The Cross-Temporal Associations between Rumination Subtypes and Substance Use in Adolescence: Exploring the Moderating Role of Gender

Journal of Psychopathology and Behavioral Assessment > Uitgave 1/2014
Lore Willem, Patricia Bijttebier, Laurence Claes, Janne Vanhalst, Filip Raes
Belangrijke opmerkingen
The study was supported by Grant G.0357.08 from the Fund of Scientific Research-Flanders to Patricia Bijttebier and Laurence Claes.

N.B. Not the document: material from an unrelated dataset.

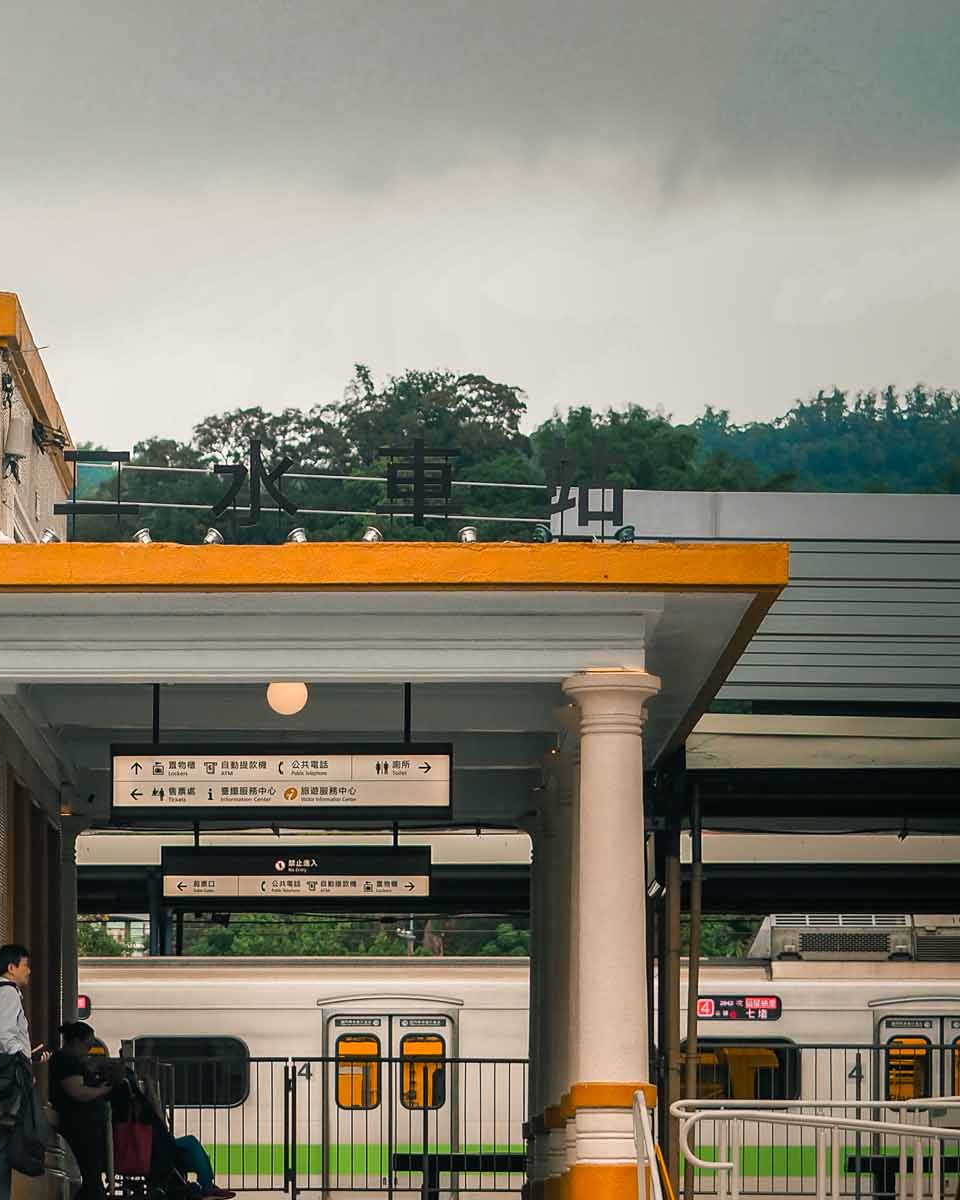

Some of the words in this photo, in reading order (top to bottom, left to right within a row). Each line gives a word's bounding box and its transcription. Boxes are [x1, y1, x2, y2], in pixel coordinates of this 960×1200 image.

Several studies have linked rumination to substance use. However, only one study thus far has focused on the differential associations between the subtypes of rumination (brooding and reflection) and substance use. This previous study was cross-sectional in nature, so less is known about how these variables are related across time. To address this issue, the present three-wave longitudinal study investigated the cross-temporal associations between subtypes of rumination, alcohol consumption, drug consumption and substance use problems, using cross-lagged path analyses. In addition, the study investigated whether the cross-lagged paths of interest were moderated by gender. The sample consisted of 309 adolescents (62.1 % boys) between the ages of 13 to 20 years old (M age at T1 = 16.82 years, SD = 1.32). Results indicated that substance use problems predicted increases in levels of brooding and reflection over time. These effects were moderated by gender so that substance use problems only predicted increases in levels of brooding and reflection in girls. In contrast to our expectations, higher levels of brooding predicted a decrease in alcohol consumption over time, and this effect was not moderated by gender. Cross-lagged analyses also showed that alcohol consumption predicted an increase in substance use problems. All results emerged independently of depressive symptoms. The findings of the present study add to the growing body of literature on the associations between rumination subtypes and substance use in adolescence, and highlight the importance of using longitudinal designs to address the issue of directionality.